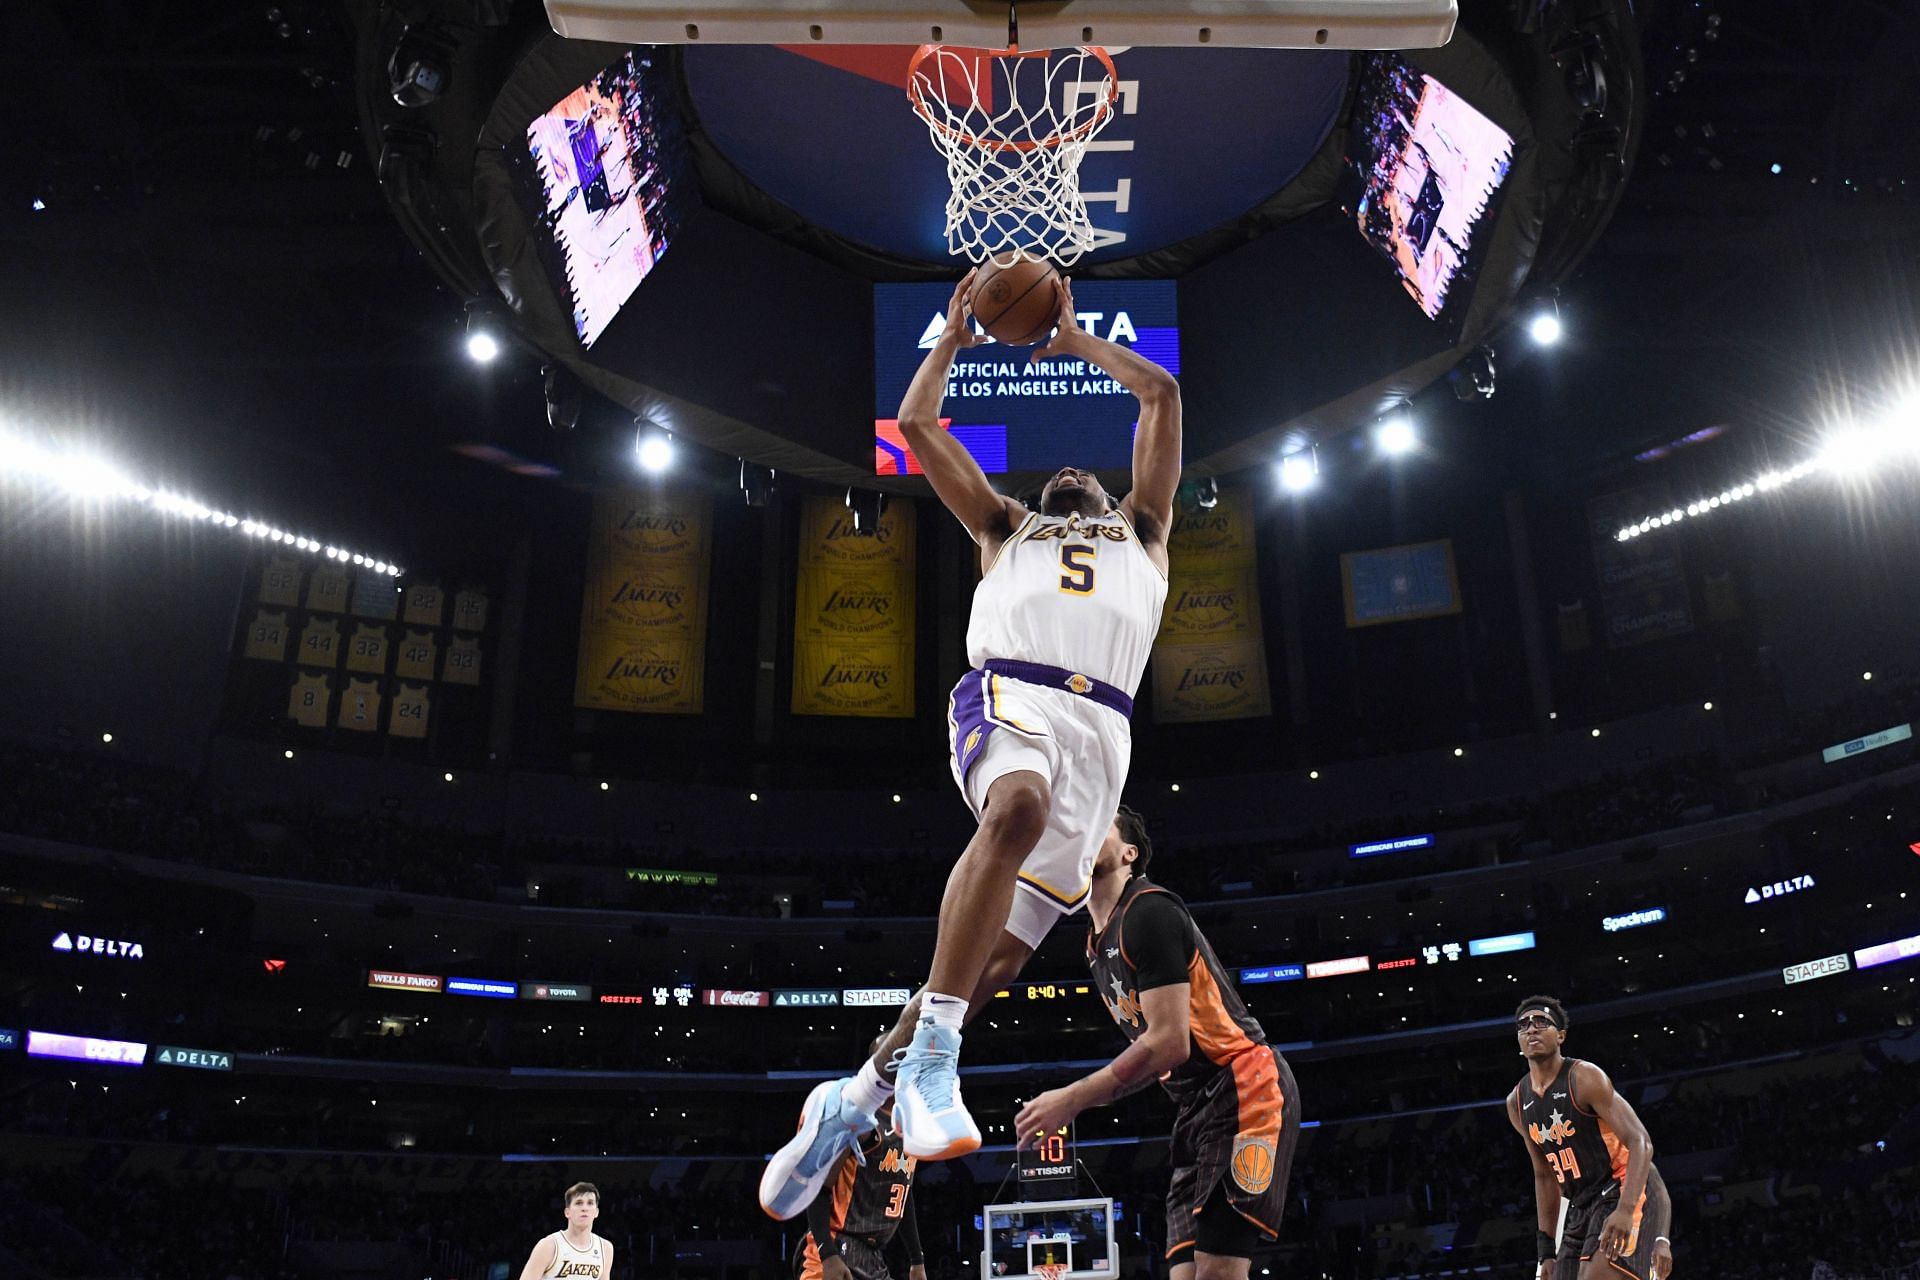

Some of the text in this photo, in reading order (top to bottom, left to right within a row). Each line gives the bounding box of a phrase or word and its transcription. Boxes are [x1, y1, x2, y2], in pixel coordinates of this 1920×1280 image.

[1059, 46, 1140, 257] ELTA
[949, 361, 1107, 378] OFFICIAL AIRLINE O
[962, 382, 992, 397] LOS
[996, 381, 1068, 396] ANGELES
[620, 510, 688, 537] LAKERS
[1058, 543, 1096, 597] 5
[413, 593, 434, 610] 22
[611, 580, 685, 609] LAKERS
[822, 591, 890, 615] LAKERS
[1173, 590, 1234, 611] LAKERS
[255, 627, 279, 645] 34
[307, 635, 331, 652] 44
[356, 640, 380, 657] 32
[405, 647, 429, 663] 42
[605, 656, 680, 686] LAKERS
[819, 664, 890, 689] LAKERS
[1176, 667, 1247, 692] LAKERS
[304, 691, 315, 706] 8
[399, 704, 422, 719] 24
[1762, 875, 1815, 899] DELTA
[1602, 909, 1663, 932] Spectrum
[76, 934, 144, 960] DELTA
[1377, 958, 1417, 970] ASSISTS
[1785, 956, 1847, 983] STAPLES
[374, 974, 438, 987] WELLS FARGO
[1273, 968, 1301, 978] ULTRA
[449, 982, 484, 992] AMERICAN
[549, 988, 577, 997] TOYOTA
[652, 987, 693, 998] LAL ORL
[1027, 985, 1056, 1000] 8:40
[600, 995, 643, 1004] ASSISTS
[790, 993, 839, 1005] DELTA
[845, 991, 908, 1004] STAPLES
[176, 1051, 229, 1068] DELTA
[1035, 1166, 1073, 1176] TISSOT
[1545, 1147, 1582, 1184] 34
[555, 1260, 601, 1279] LAKERS
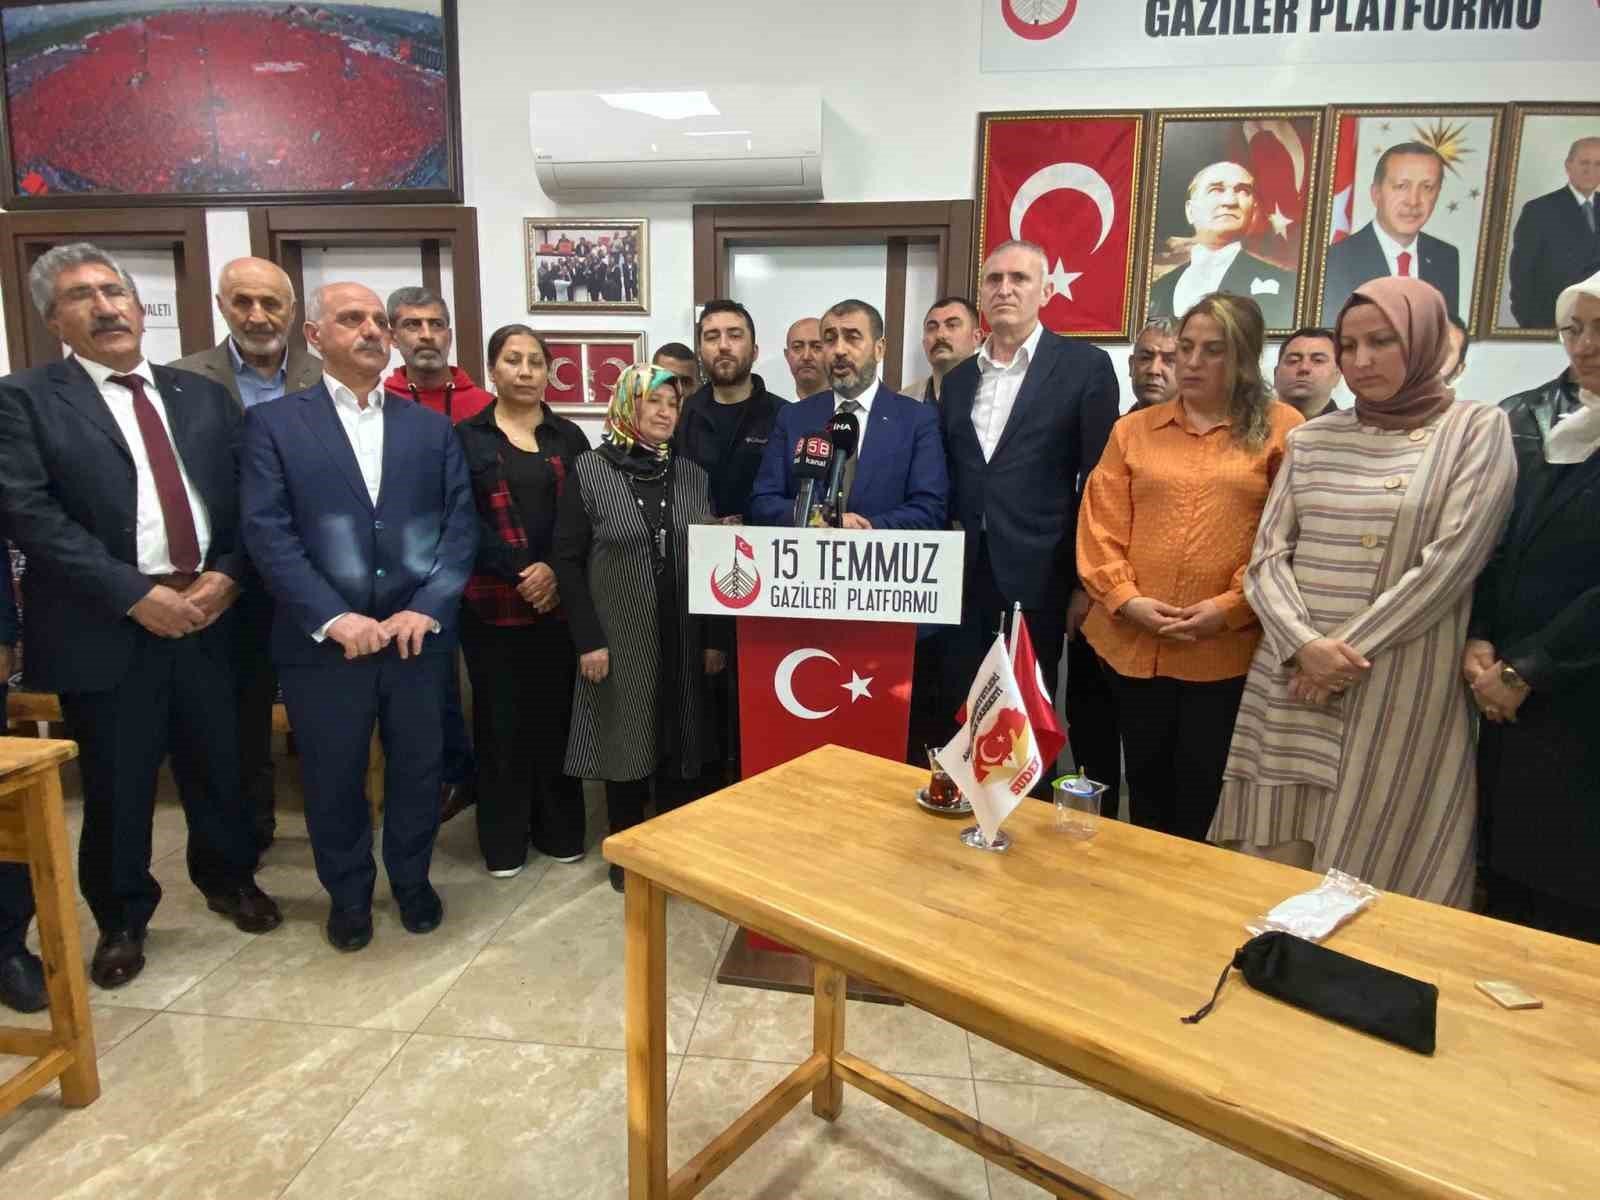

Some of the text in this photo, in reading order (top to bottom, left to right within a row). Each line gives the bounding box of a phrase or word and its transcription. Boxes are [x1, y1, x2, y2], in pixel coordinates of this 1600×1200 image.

[771, 538, 940, 584] 15 TEMMUZ
[770, 581, 938, 614] GAZİLERİ PLATFORMU

Instructions for the task »
From the line containing "this 1600×1200 image." down to the last line of the records, transcribe every line exactly and add nothing else.

Response for this exercise »
Some of the text in this photo, in reading order (top to bottom, left to right within a row). Each line gives the bounding box of a phrase or word and its transcription. Boxes are [x1, y1, x2, y2], in pixel coordinates of this 1600×1200 image.

[771, 538, 940, 584] 15 TEMMUZ
[770, 581, 938, 614] GAZİLERİ PLATFORMU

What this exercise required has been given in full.